┌────────
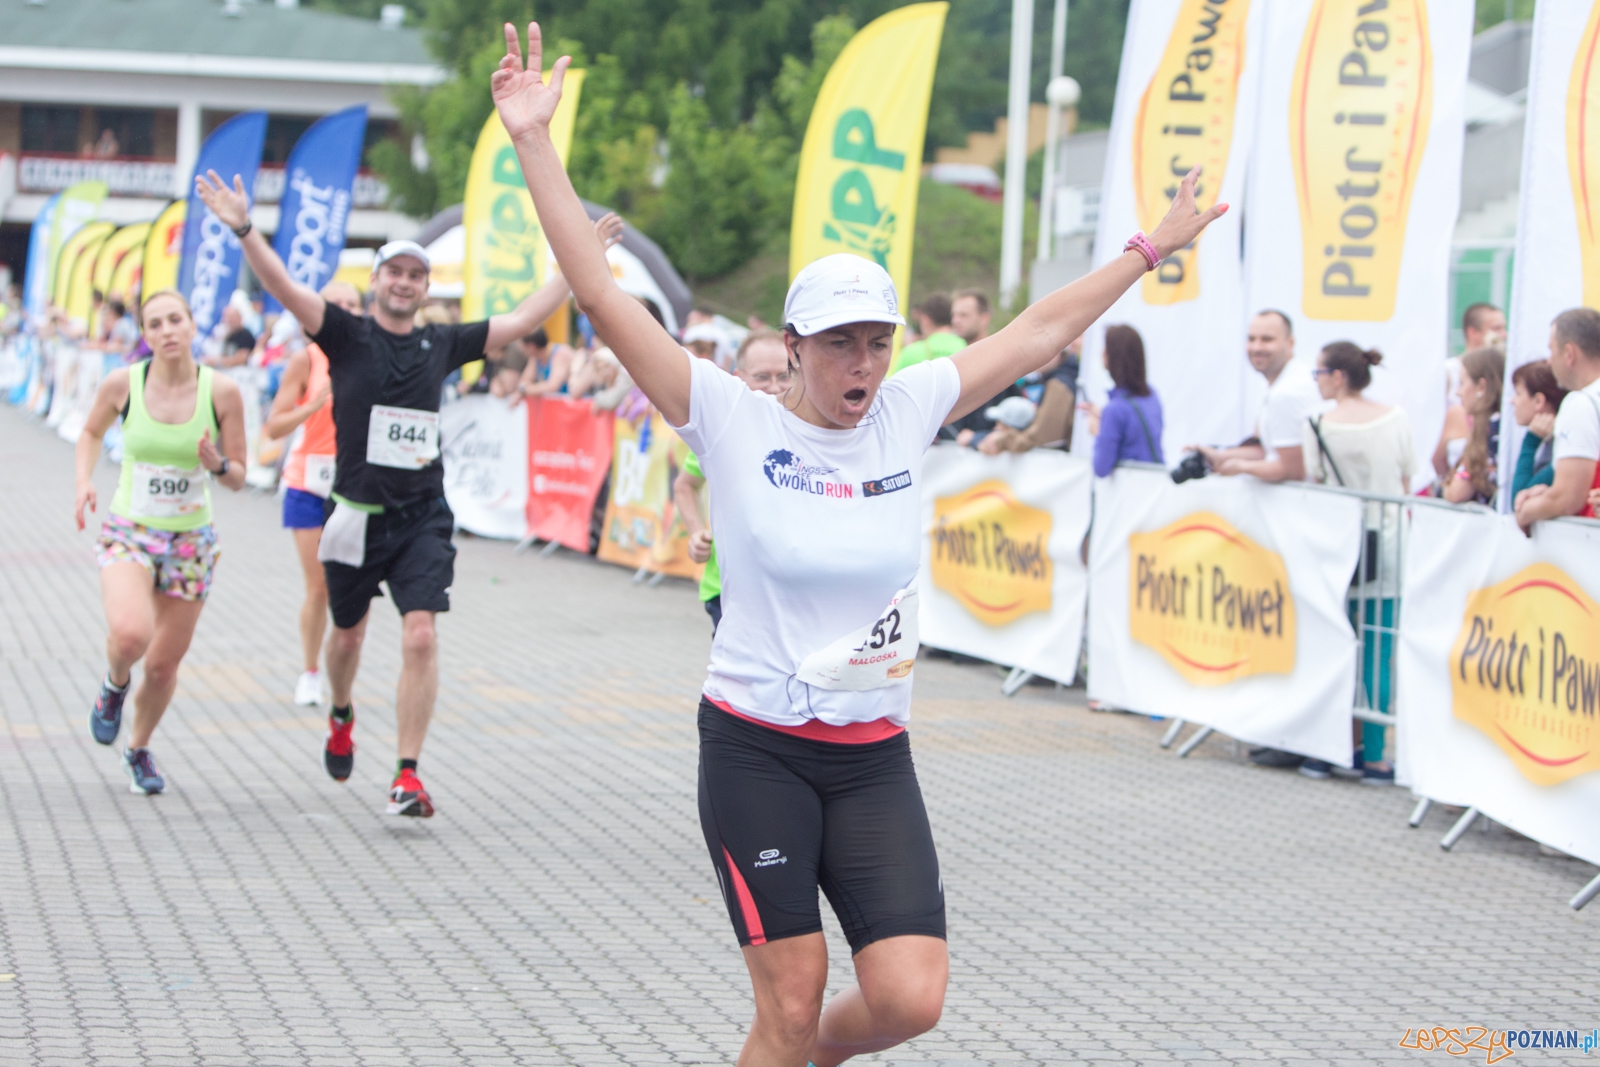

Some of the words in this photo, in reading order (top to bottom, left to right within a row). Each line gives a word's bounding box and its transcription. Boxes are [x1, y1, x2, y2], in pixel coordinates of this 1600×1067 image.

[1168, 0, 1228, 102] Paw
[1333, 111, 1388, 126] i
[1320, 145, 1384, 298] Piotr
[387, 423, 427, 444] 844
[148, 478, 189, 495] 590
[777, 471, 824, 496] WORLD
[825, 482, 853, 499] RUN
[881, 471, 911, 492] SATURN
[1136, 554, 1190, 618] Piotr
[1197, 561, 1204, 622] i
[1212, 565, 1286, 640] Paweł
[1460, 615, 1530, 698] Piotr
[1537, 626, 1545, 703] i
[1551, 631, 1600, 720] Paw
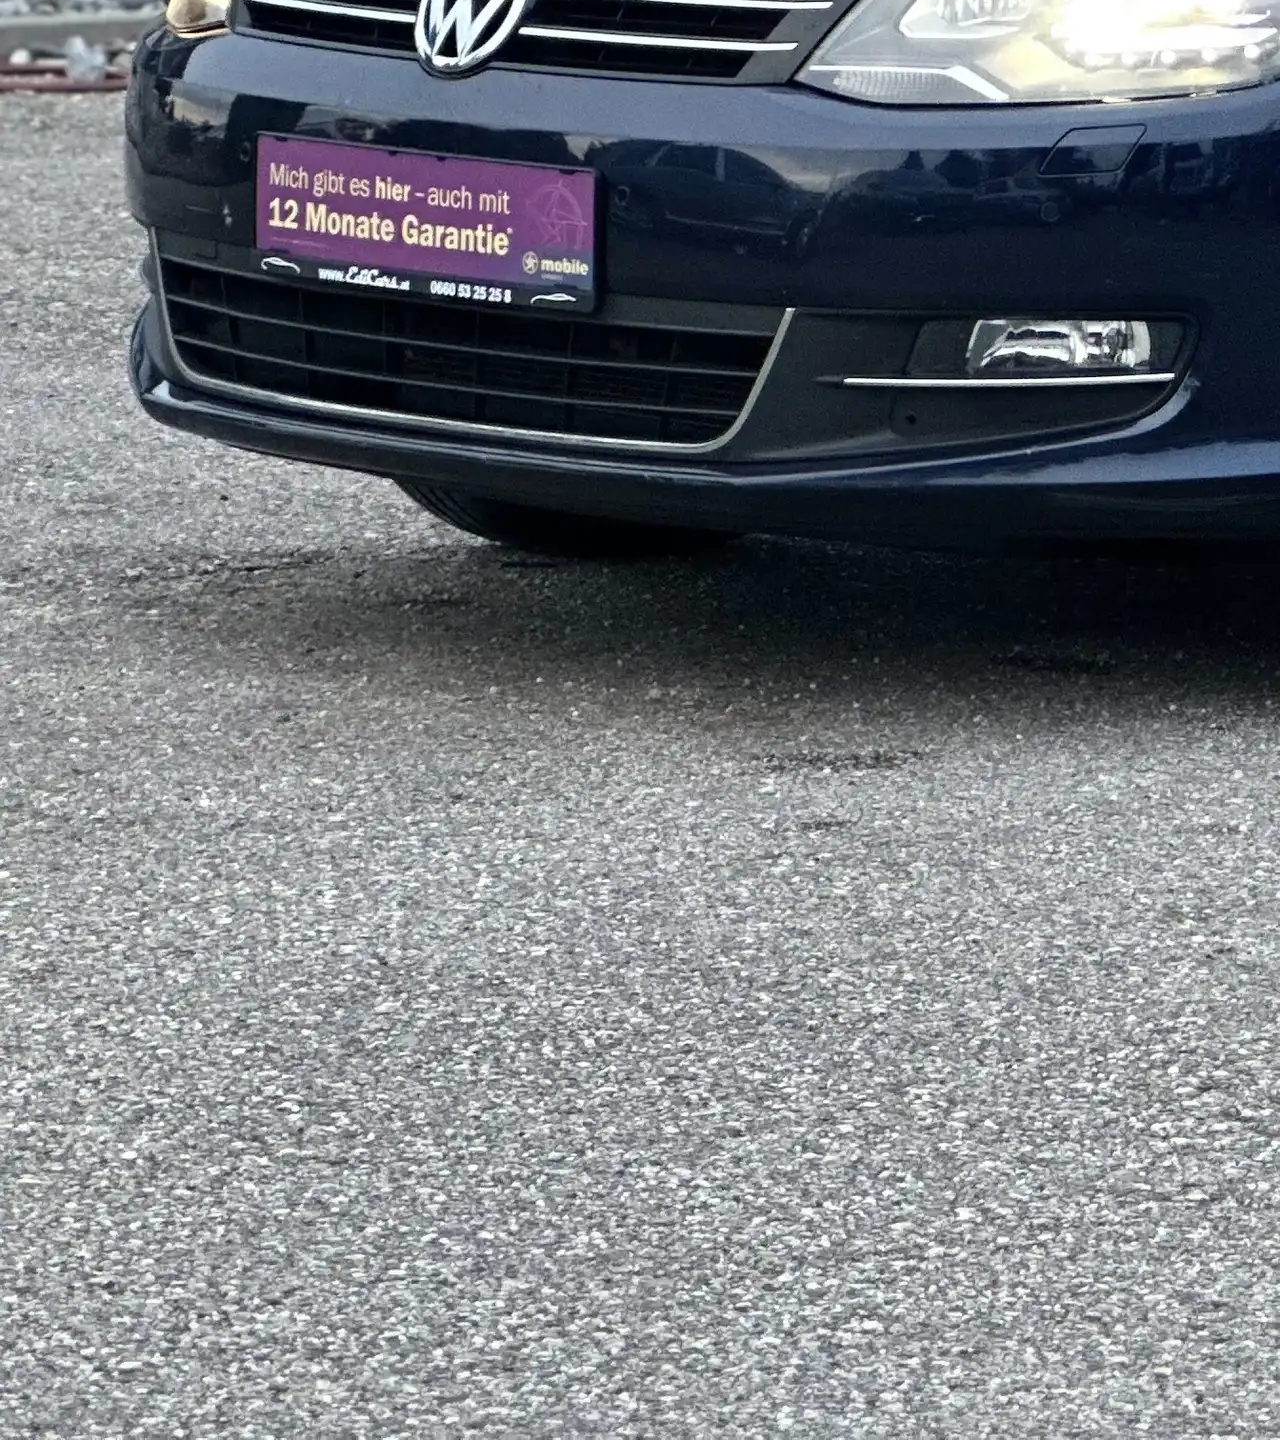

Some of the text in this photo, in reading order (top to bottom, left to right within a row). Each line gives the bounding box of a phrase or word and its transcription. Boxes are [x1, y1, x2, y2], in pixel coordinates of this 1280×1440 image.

[269, 162, 309, 190] Mich
[313, 169, 346, 197] gibt
[350, 177, 370, 197] es
[375, 175, 412, 202] hier
[427, 185, 472, 210] auch
[479, 189, 510, 215] mit
[268, 197, 298, 230] 12
[305, 201, 395, 242] Monate
[540, 257, 589, 275] mobile
[430, 280, 456, 297] 0660
[457, 283, 472, 299] 53
[473, 285, 487, 301] 25
[488, 287, 502, 302] 25
└────────
Nothing but the lines from the one that contains "Some of the text" to the end of the listing should be given again, each exactly as it appears.

[Expected output]:
Some of the text in this photo, in reading order (top to bottom, left to right within a row). Each line gives the bounding box of a phrase or word and its transcription. Boxes are [x1, y1, x2, y2], in pixel coordinates of this 1280×1440 image.

[269, 162, 309, 190] Mich
[313, 169, 346, 197] gibt
[350, 177, 370, 197] es
[375, 175, 412, 202] hier
[427, 185, 472, 210] auch
[479, 189, 510, 215] mit
[268, 197, 298, 230] 12
[305, 201, 395, 242] Monate
[540, 257, 589, 275] mobile
[430, 280, 456, 297] 0660
[457, 283, 472, 299] 53
[473, 285, 487, 301] 25
[488, 287, 502, 302] 25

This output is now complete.